PROBLEM → Here the job is to transcribe the data verbatim while leaving each picture out.

##### SUPPLIED MATERIAL

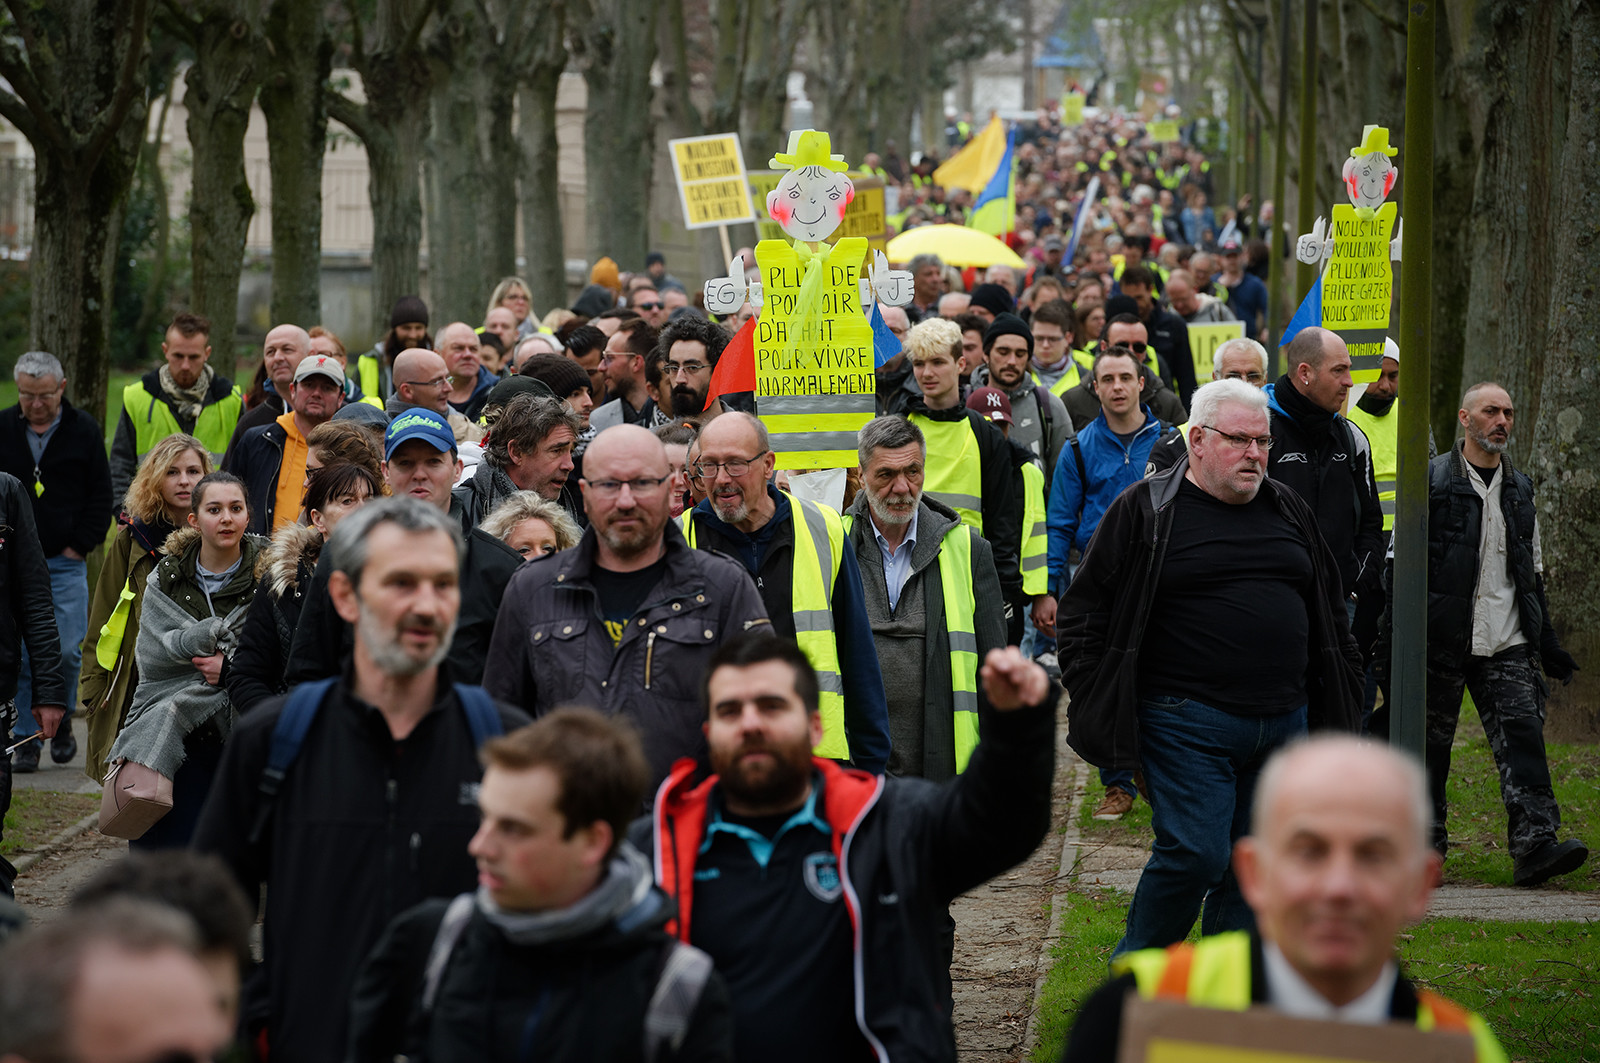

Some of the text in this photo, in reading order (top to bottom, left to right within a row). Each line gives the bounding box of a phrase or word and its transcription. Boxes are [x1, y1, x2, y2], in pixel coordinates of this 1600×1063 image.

[1336, 219, 1385, 237] NOUS NE
[1335, 241, 1383, 258] VOULONS
[769, 265, 856, 288] PLU DE
[1330, 261, 1386, 279] PLUS NOUS
[717, 283, 736, 304] G
[887, 276, 905, 301] J
[1323, 280, 1391, 300] FAIRE GAZER
[1322, 303, 1386, 322] NOUS SOMMES
[758, 344, 869, 371] POUR VIVRE
[758, 372, 875, 396] NORMALEMENT
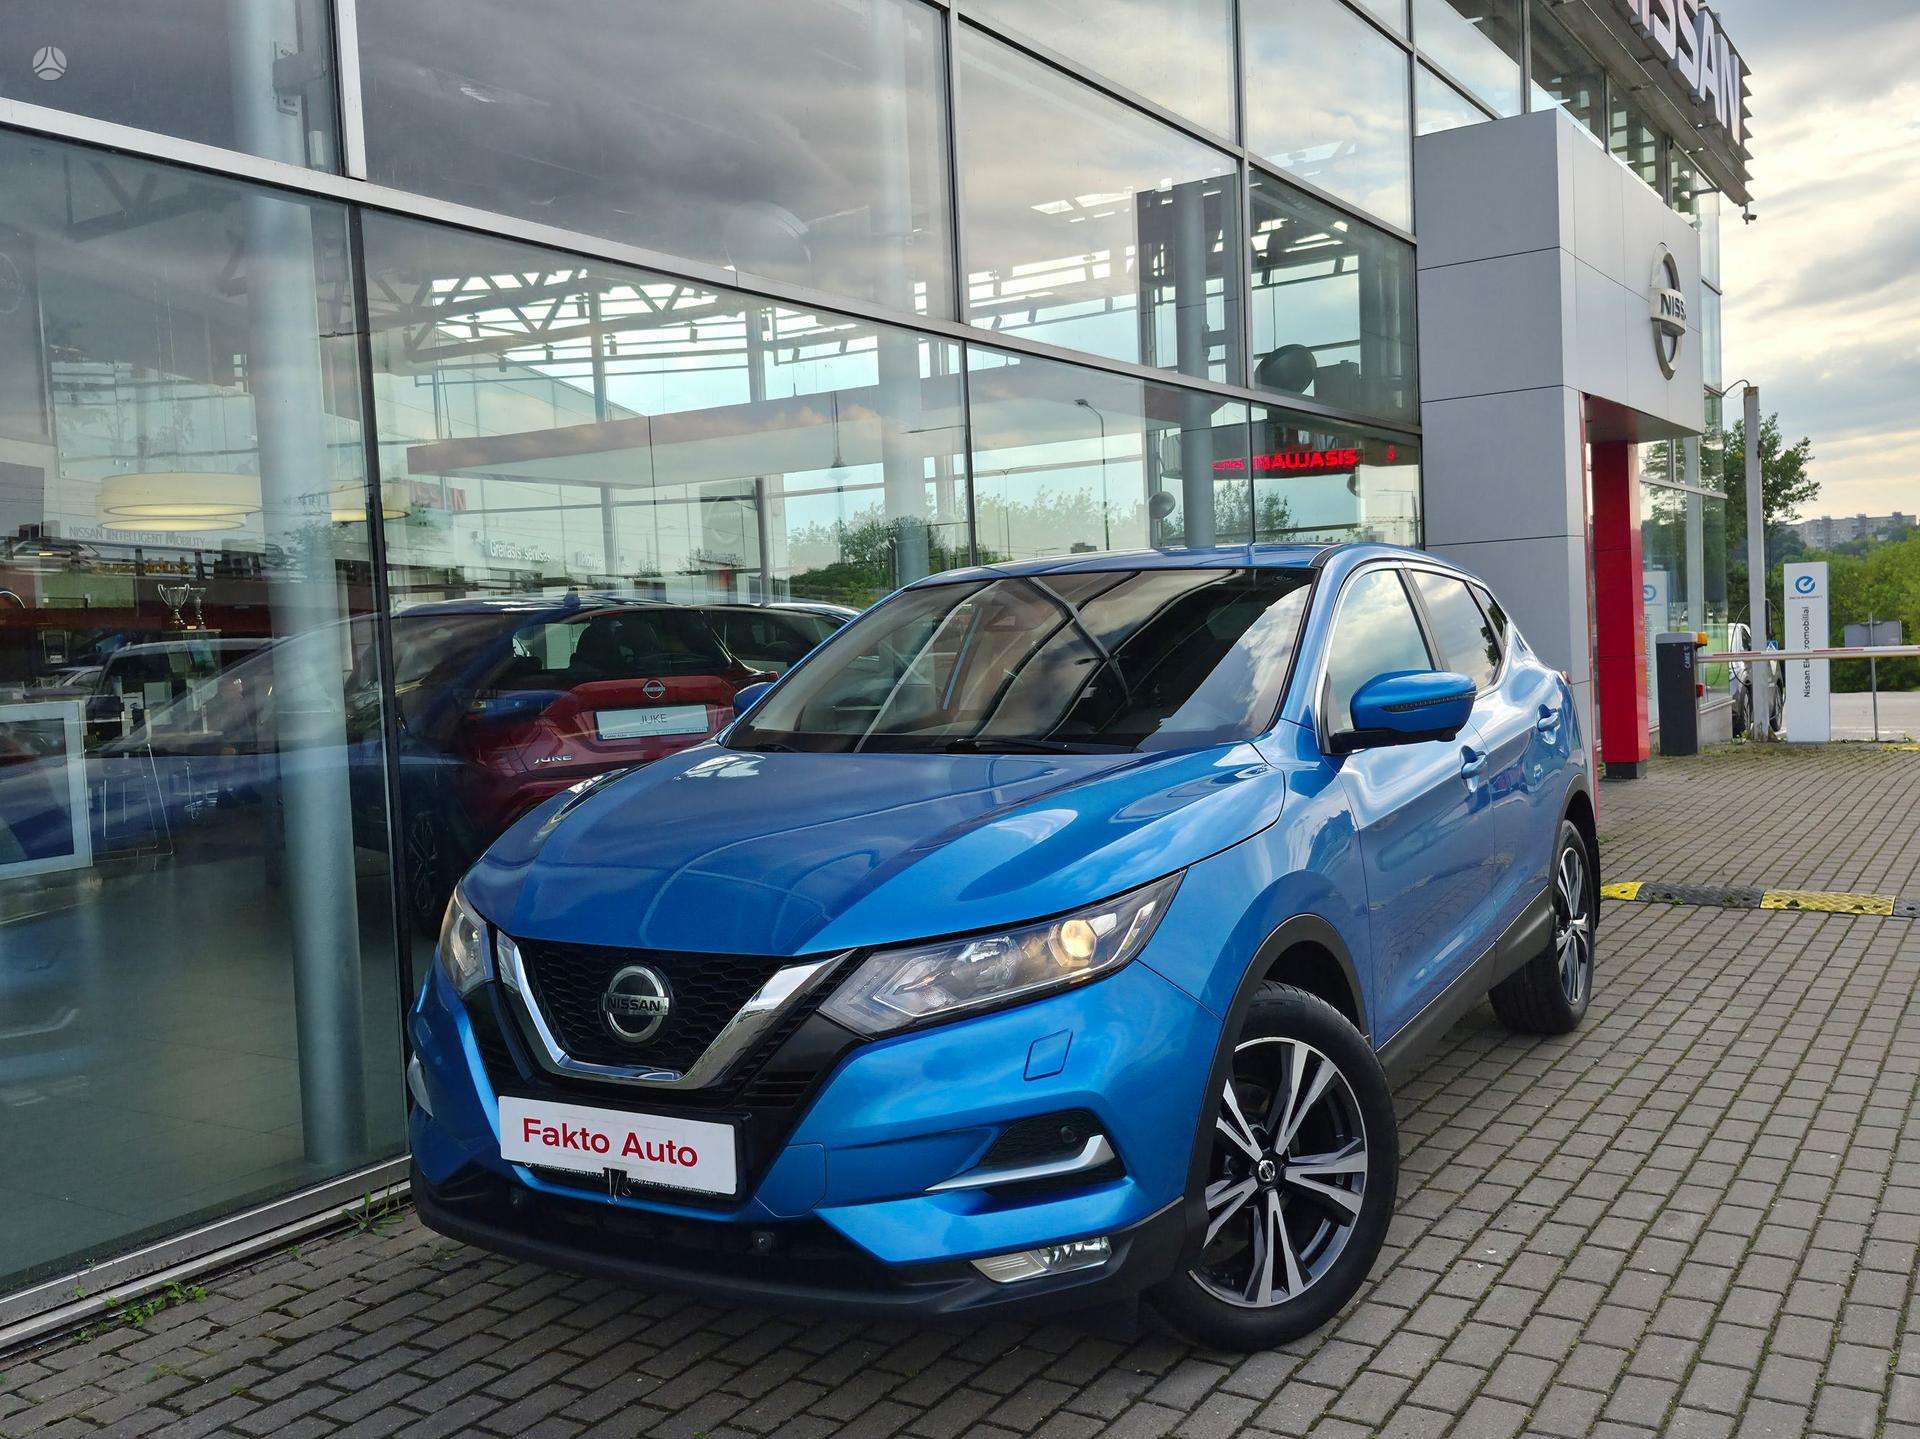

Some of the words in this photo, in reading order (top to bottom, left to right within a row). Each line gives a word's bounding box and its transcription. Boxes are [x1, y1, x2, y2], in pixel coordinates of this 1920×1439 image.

[1803, 670, 1811, 698] Nissan
[640, 713, 668, 725] JUKE
[534, 755, 572, 764] JUKE
[610, 998, 661, 1012] NISSAN
[522, 1117, 610, 1154] Fakto
[621, 1131, 698, 1168] Auto

##########

TASK SOLUTION →
Some of the text in this photo, in reading order (top to bottom, left to right within a row). Each line gives the bounding box of a phrase or word and its transcription. Boxes are [x1, y1, x2, y2], in pixel coordinates of this 1600×1063 image.

[1336, 219, 1385, 237] NOUS NE
[1335, 241, 1383, 258] VOULONS
[769, 265, 856, 288] PLU DE
[1330, 261, 1386, 279] PLUS NOUS
[717, 283, 736, 304] G
[887, 276, 905, 301] J
[1323, 280, 1391, 300] FAIRE GAZER
[1322, 303, 1386, 322] NOUS SOMMES
[758, 344, 869, 371] POUR VIVRE
[758, 372, 875, 396] NORMALEMENT

Some of the words in this photo, in reading order (top to bottom, left to right within a row). Each line gives a word's bounding box and its transcription. Boxes are [x1, y1, x2, y2], in pixel coordinates of this 1920×1439 image.

[1803, 670, 1811, 698] Nissan
[640, 713, 668, 725] JUKE
[534, 755, 572, 764] JUKE
[610, 998, 661, 1012] NISSAN
[522, 1117, 610, 1154] Fakto
[621, 1131, 698, 1168] Auto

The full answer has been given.